Prompt:
The records below need to be printed in full. Keep each one exact.

*** Data extracts Section Begins ***

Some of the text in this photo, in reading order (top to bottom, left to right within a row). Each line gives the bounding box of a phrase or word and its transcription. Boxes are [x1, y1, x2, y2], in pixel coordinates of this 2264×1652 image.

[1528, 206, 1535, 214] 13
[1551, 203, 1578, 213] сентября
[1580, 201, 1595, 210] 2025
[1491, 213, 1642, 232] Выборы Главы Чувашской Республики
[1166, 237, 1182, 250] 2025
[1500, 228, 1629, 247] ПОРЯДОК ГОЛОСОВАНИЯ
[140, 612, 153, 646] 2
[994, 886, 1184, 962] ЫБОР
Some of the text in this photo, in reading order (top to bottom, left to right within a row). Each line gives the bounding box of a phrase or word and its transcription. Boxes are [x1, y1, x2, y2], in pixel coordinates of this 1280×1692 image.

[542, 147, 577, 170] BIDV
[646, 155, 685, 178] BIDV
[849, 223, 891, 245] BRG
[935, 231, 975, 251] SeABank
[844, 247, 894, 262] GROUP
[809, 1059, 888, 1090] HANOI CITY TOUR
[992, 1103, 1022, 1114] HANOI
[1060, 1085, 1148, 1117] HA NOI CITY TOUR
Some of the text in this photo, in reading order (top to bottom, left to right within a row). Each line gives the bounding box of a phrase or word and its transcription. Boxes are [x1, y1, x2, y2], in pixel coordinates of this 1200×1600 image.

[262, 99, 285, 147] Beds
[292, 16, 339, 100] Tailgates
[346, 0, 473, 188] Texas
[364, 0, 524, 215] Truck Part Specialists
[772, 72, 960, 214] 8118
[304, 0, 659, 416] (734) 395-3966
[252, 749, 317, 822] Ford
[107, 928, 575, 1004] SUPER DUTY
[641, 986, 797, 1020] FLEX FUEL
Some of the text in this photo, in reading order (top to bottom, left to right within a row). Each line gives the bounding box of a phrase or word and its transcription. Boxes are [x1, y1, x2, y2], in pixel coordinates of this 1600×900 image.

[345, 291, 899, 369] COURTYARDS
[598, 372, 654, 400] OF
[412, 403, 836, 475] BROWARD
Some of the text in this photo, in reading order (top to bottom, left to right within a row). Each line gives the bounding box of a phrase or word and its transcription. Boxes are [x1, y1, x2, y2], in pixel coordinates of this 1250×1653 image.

*** Data extracts Section Ends ***

Solution to this task:
Some of the text in this photo, in reading order (top to bottom, left to right within a row). Each line gives the bounding box of a phrase or word and its transcription. Boxes are [x1, y1, x2, y2], in pixel coordinates of this 2264×1652 image.

[1528, 206, 1535, 214] 13
[1551, 203, 1578, 213] сентября
[1580, 201, 1595, 210] 2025
[1491, 213, 1642, 232] Выборы Главы Чувашской Республики
[1166, 237, 1182, 250] 2025
[1500, 228, 1629, 247] ПОРЯДОК ГОЛОСОВАНИЯ
[140, 612, 153, 646] 2
[994, 886, 1184, 962] ЫБОР
Some of the text in this photo, in reading order (top to bottom, left to right within a row). Each line gives the bounding box of a phrase or word and its transcription. Boxes are [x1, y1, x2, y2], in pixel coordinates of this 1280×1692 image.

[542, 147, 577, 170] BIDV
[646, 155, 685, 178] BIDV
[849, 223, 891, 245] BRG
[935, 231, 975, 251] SeABank
[844, 247, 894, 262] GROUP
[809, 1059, 888, 1090] HANOI CITY TOUR
[992, 1103, 1022, 1114] HANOI
[1060, 1085, 1148, 1117] HA NOI CITY TOUR
Some of the text in this photo, in reading order (top to bottom, left to right within a row). Each line gives the bounding box of a phrase or word and its transcription. Boxes are [x1, y1, x2, y2], in pixel coordinates of this 1200×1600 image.

[262, 99, 285, 147] Beds
[292, 16, 339, 100] Tailgates
[346, 0, 473, 188] Texas
[364, 0, 524, 215] Truck Part Specialists
[772, 72, 960, 214] 8118
[304, 0, 659, 416] (734) 395-3966
[252, 749, 317, 822] Ford
[107, 928, 575, 1004] SUPER DUTY
[641, 986, 797, 1020] FLEX FUEL
Some of the text in this photo, in reading order (top to bottom, left to right within a row). Each line gives the bounding box of a phrase or word and its transcription. Boxes are [x1, y1, x2, y2], in pixel coordinates of this 1600×900 image.

[345, 291, 899, 369] COURTYARDS
[598, 372, 654, 400] OF
[412, 403, 836, 475] BROWARD
Some of the text in this photo, in reading order (top to bottom, left to right within a row). Each line gives the bounding box of a phrase or word and its transcription. Boxes are [x1, y1, x2, y2], in pixel coordinates of this 1250×1653 image.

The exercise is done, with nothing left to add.